:: Required work ::
Type out the lines below exactly, pictures excluded.

[Records drawn from a dataset]
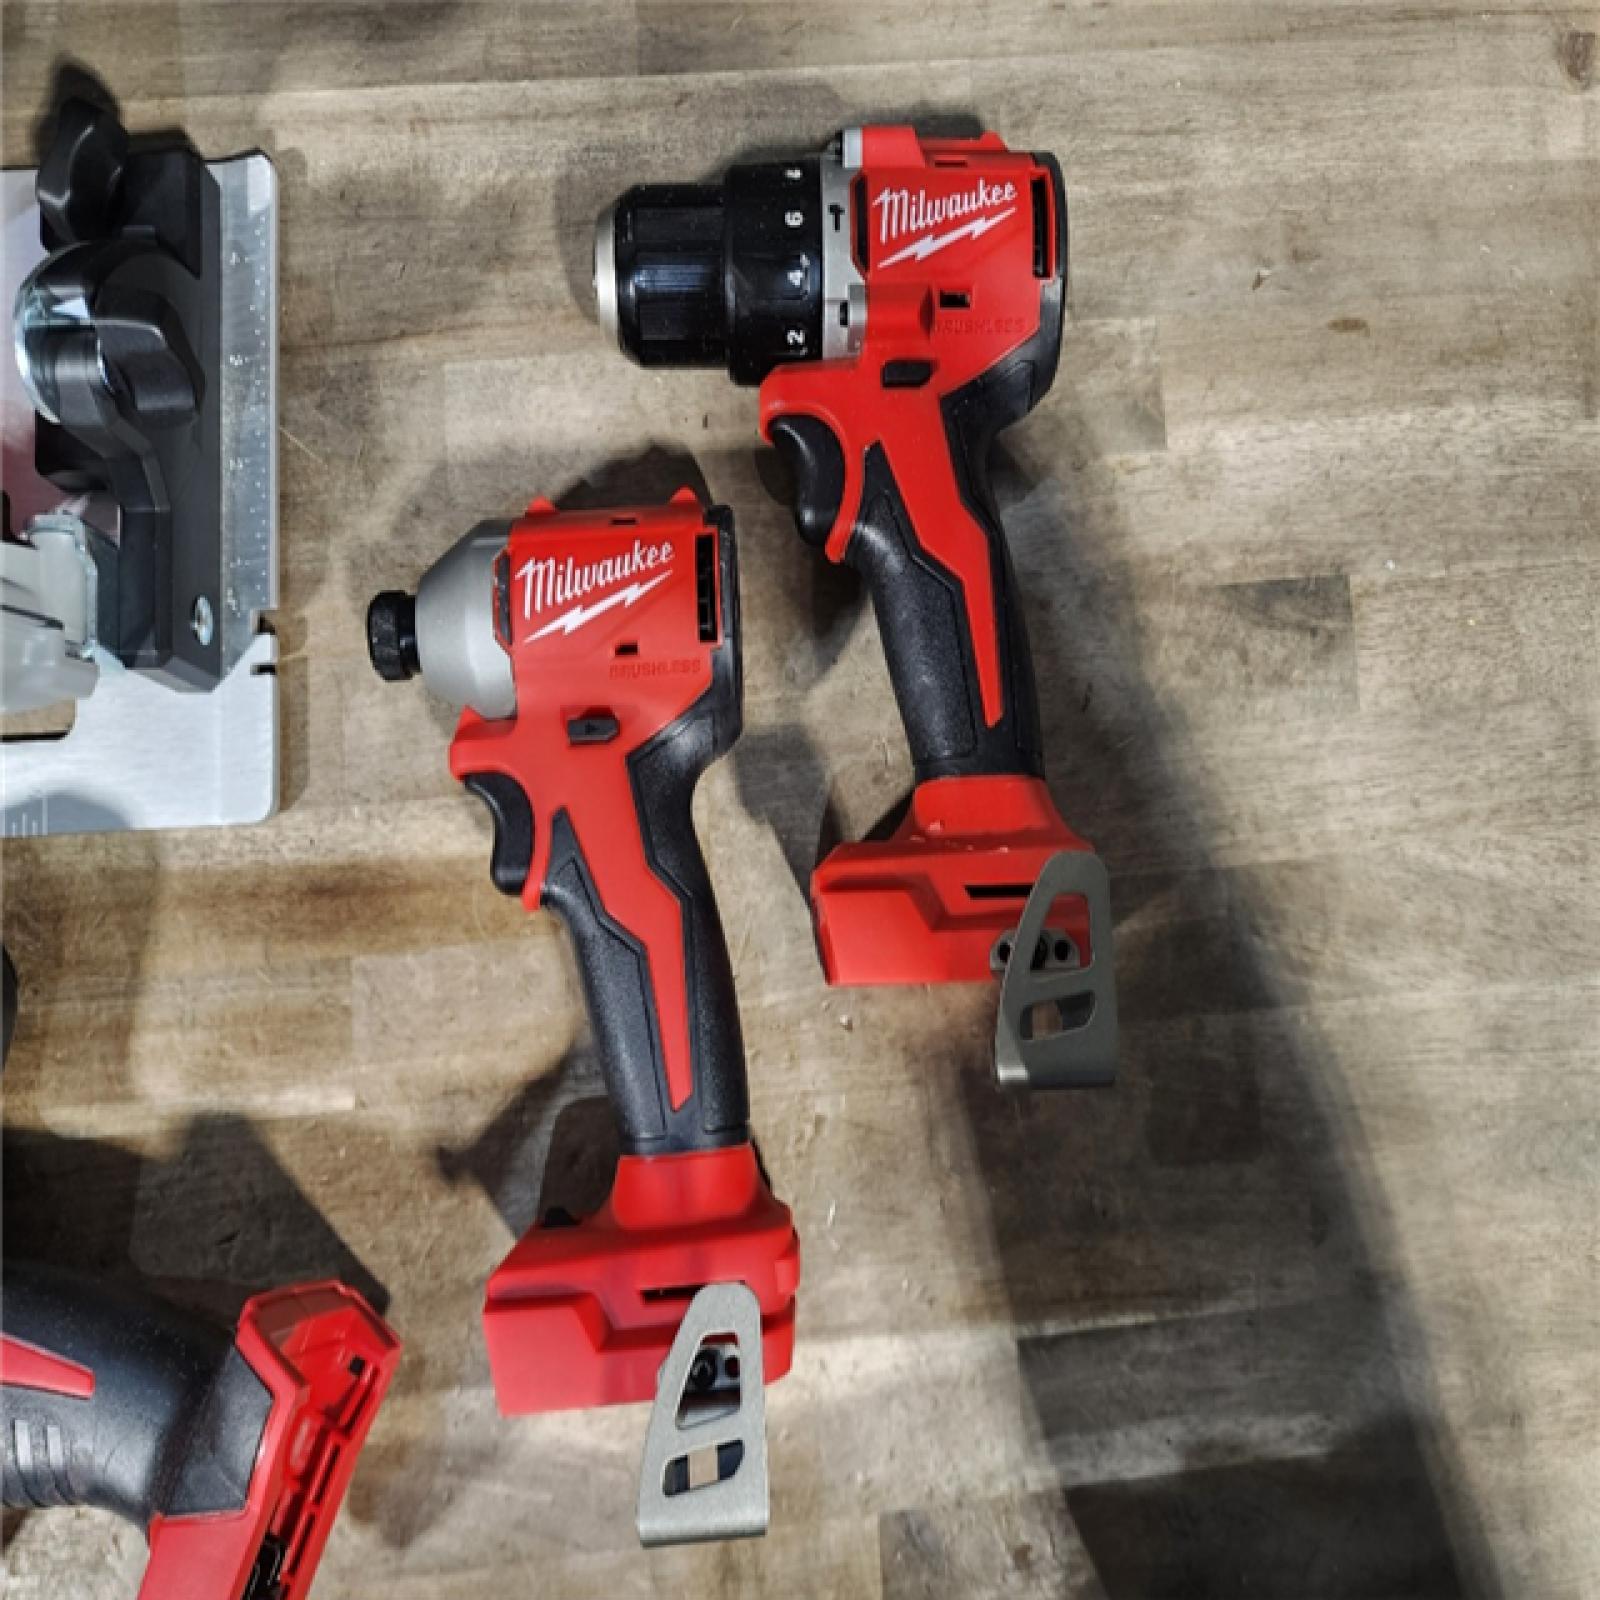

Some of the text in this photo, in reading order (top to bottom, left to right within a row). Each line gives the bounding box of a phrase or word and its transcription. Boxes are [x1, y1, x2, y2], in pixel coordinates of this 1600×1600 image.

[873, 178, 1018, 244] Milwaukee
[786, 329, 805, 346] 2
[515, 539, 675, 620] Milwaukee
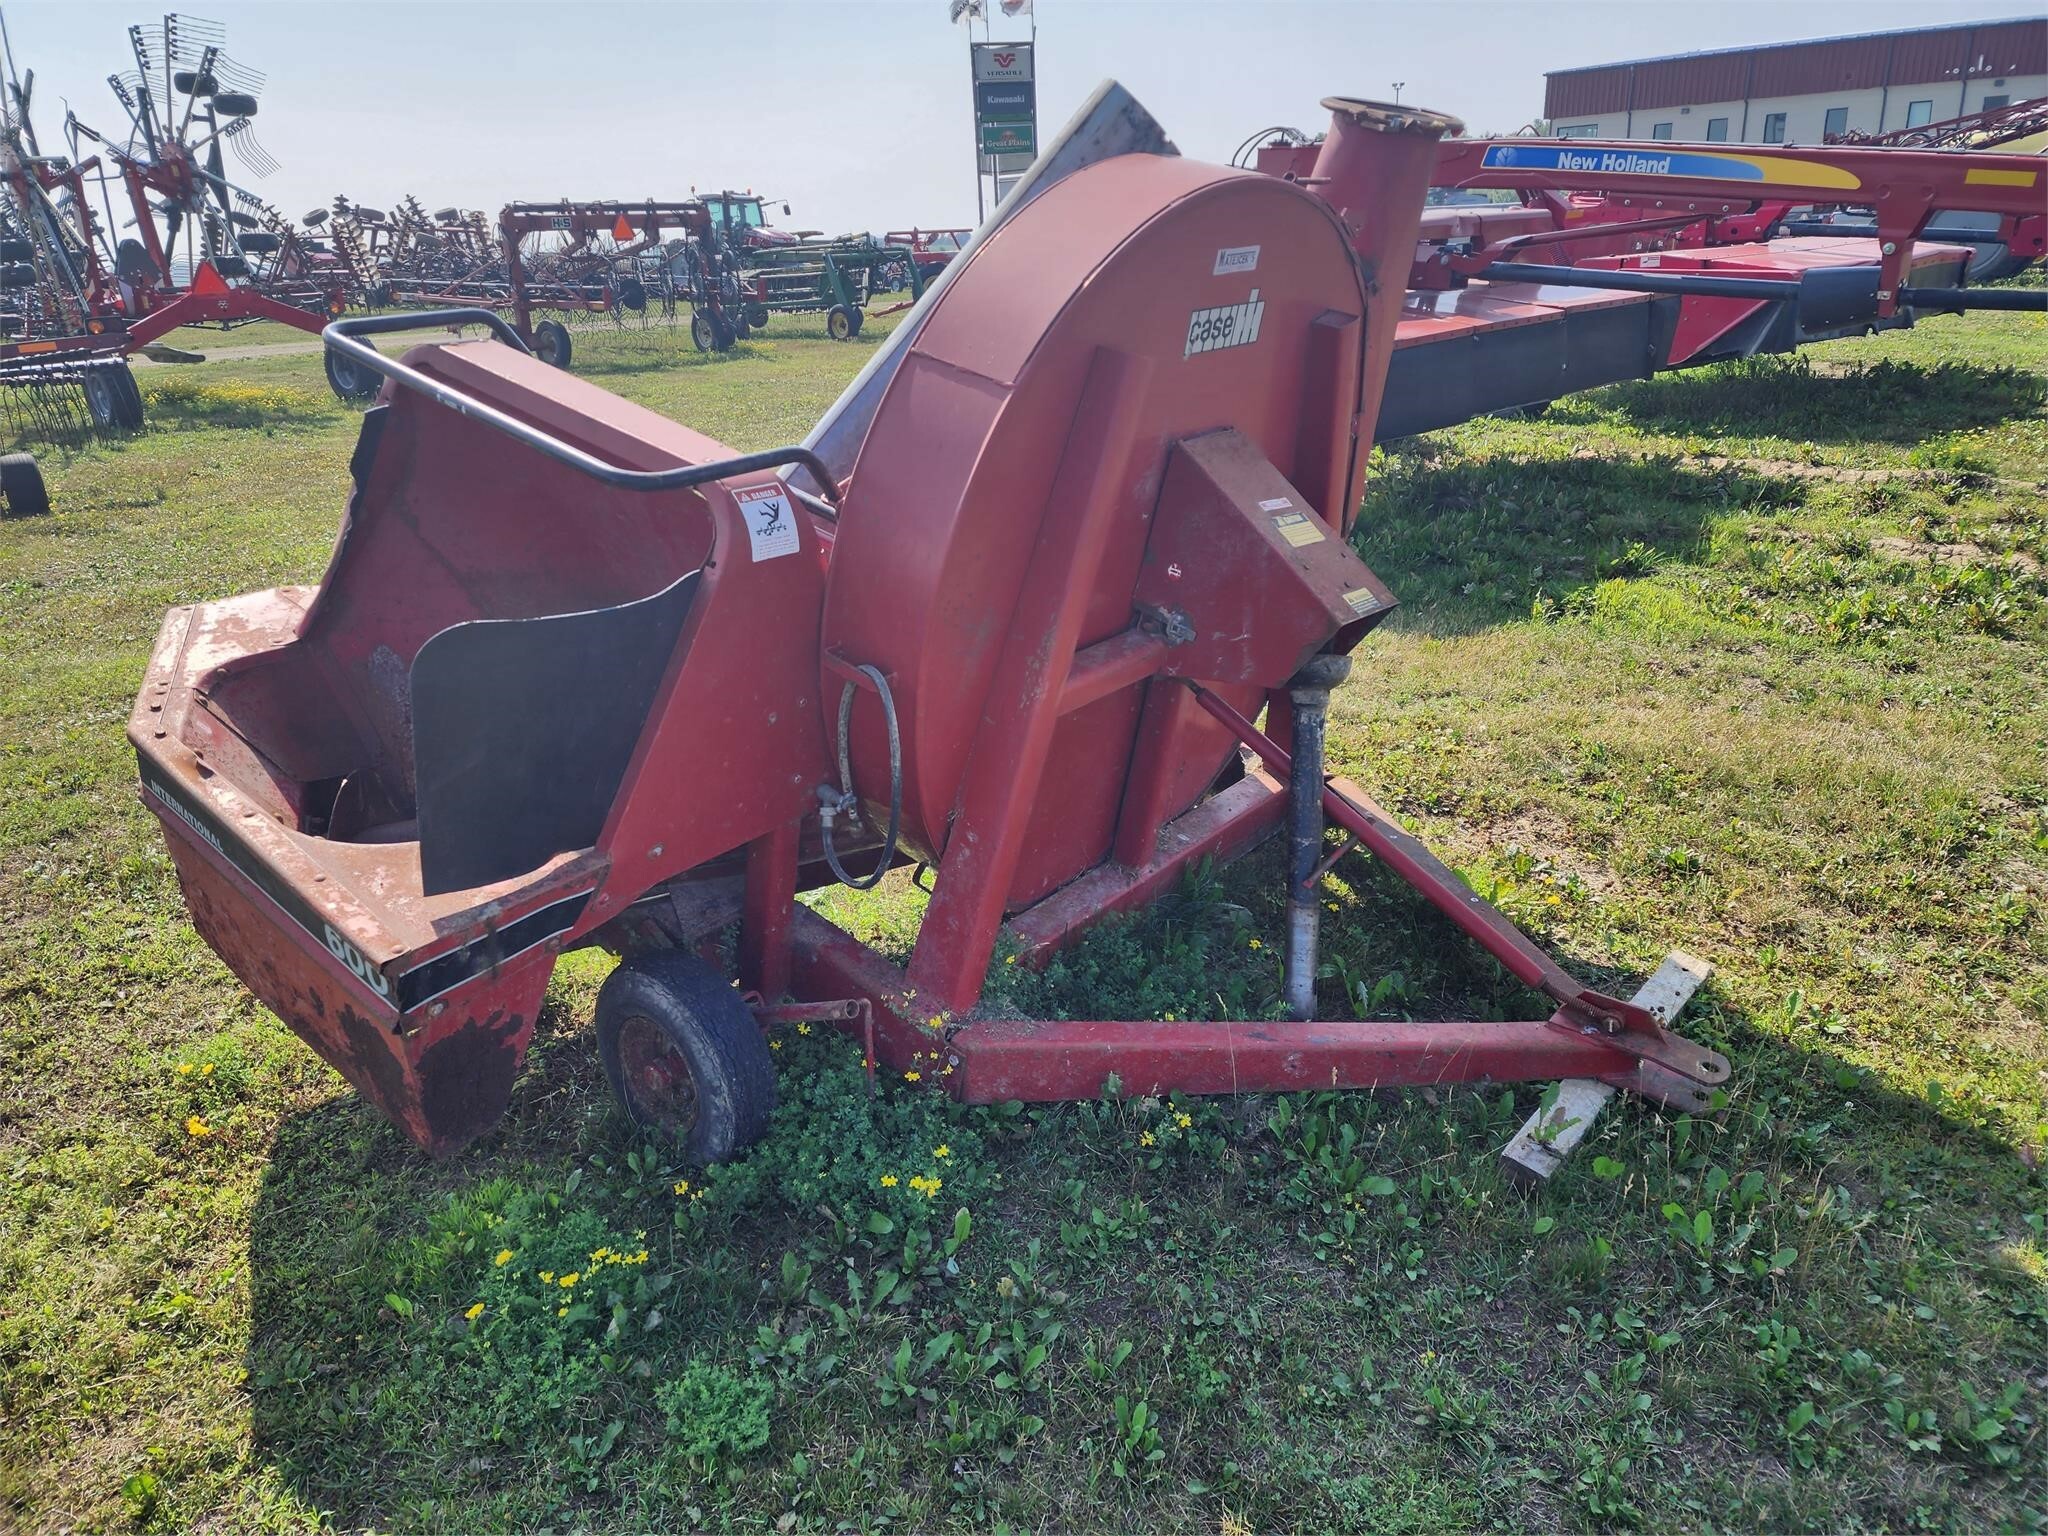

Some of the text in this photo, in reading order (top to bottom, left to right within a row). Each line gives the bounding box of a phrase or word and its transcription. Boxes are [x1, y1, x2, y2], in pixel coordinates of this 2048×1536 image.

[987, 95, 1025, 104] Kawasaki
[986, 136, 1031, 148] Great Plains
[1557, 152, 1671, 174] New Holland
[1188, 315, 1235, 348] case
[750, 488, 778, 500] DANGER
[150, 778, 224, 853] INTERNATIONAL
[323, 923, 390, 996] 600
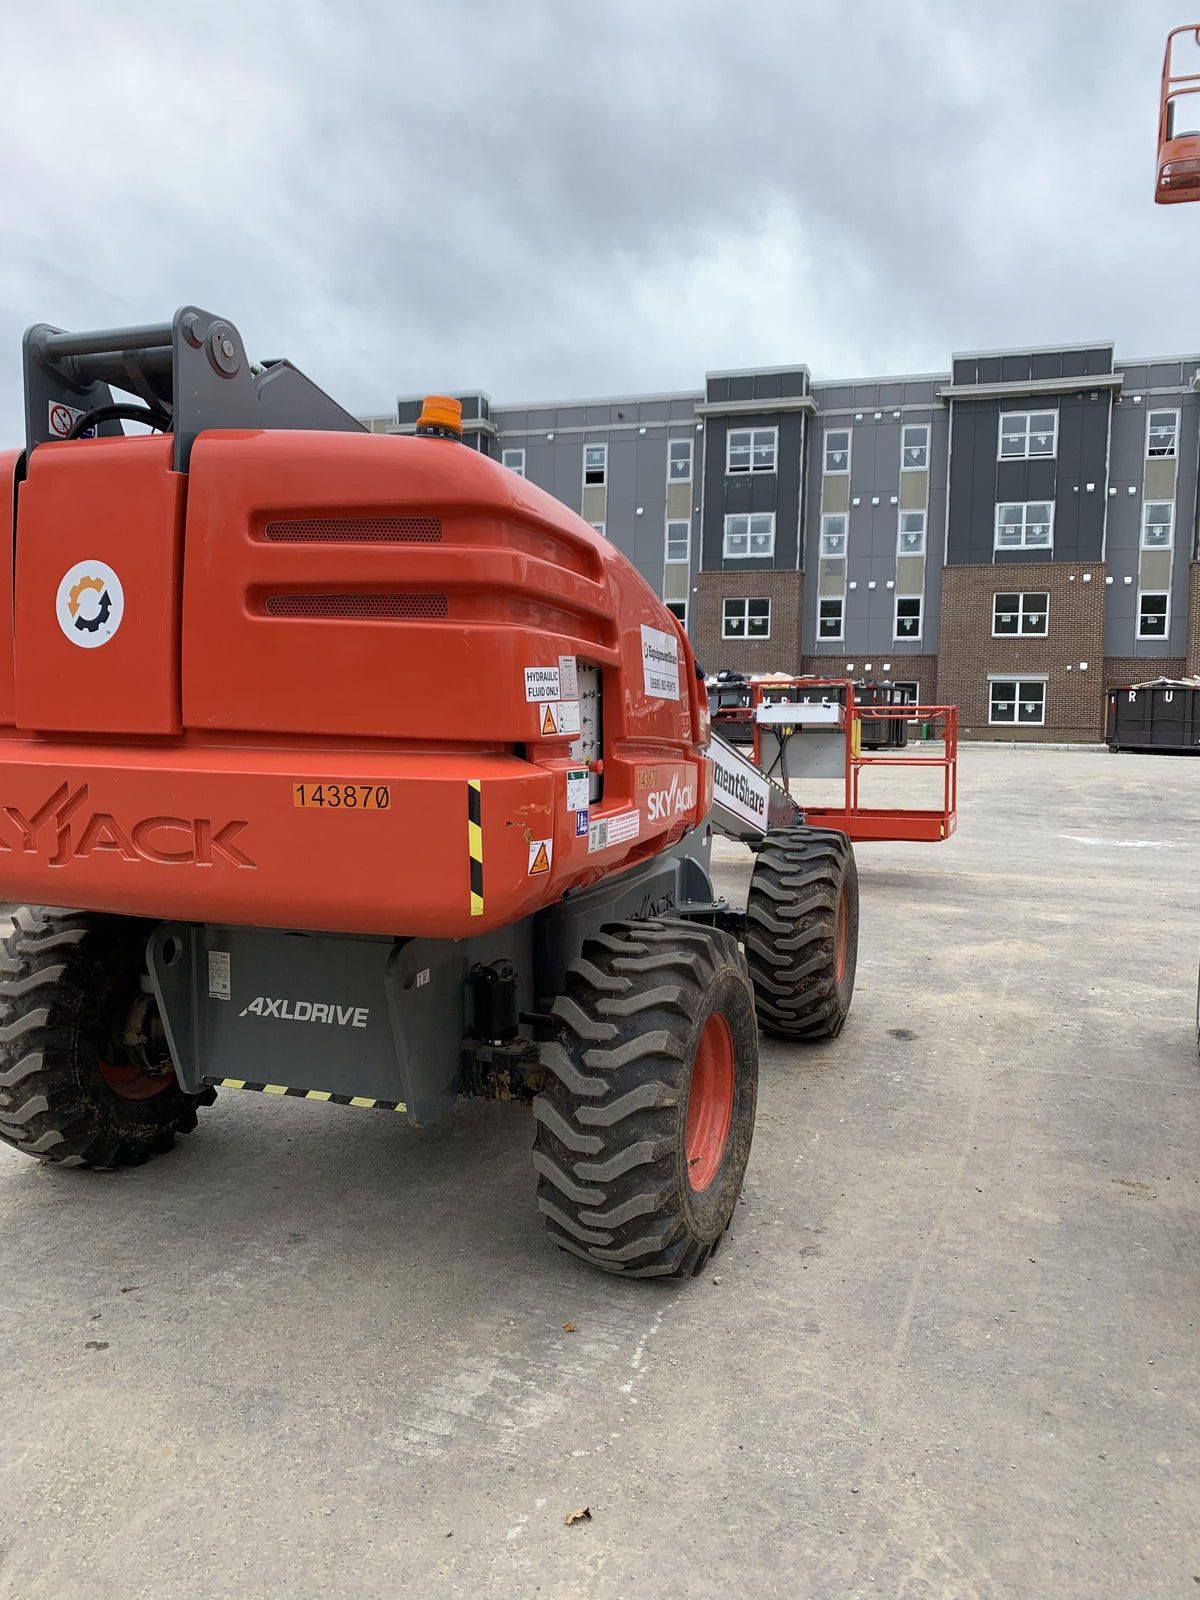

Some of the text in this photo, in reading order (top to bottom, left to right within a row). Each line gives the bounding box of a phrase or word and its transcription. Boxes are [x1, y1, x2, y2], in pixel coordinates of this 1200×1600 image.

:: Exercise output ::
Some of the text in this photo, in reading order (top to bottom, left to right within a row). Each line gives the bounding box of a phrase or word and its transcription. Boxes are [x1, y1, x2, y2], in pixel coordinates of this 1600×1600 image.

[873, 178, 1018, 244] Milwaukee
[786, 329, 805, 346] 2
[515, 539, 675, 620] Milwaukee

Some of the text in this photo, in reading order (top to bottom, left to right within a row). Each line gives the bounding box of a phrase or word and its transcription. Boxes are [x1, y1, x2, y2], in pixel coordinates of this 2048×1536 image.

[987, 95, 1025, 104] Kawasaki
[986, 136, 1031, 148] Great Plains
[1557, 152, 1671, 174] New Holland
[1188, 315, 1235, 348] case
[750, 488, 778, 500] DANGER
[150, 778, 224, 853] INTERNATIONAL
[323, 923, 390, 996] 600

Some of the text in this photo, in reading order (top to bottom, left to right within a row). Each line gives the bounding box of a phrase or word and its transcription. Boxes are [x1, y1, x2, y2], in pixel coordinates of this 1200×1600 image.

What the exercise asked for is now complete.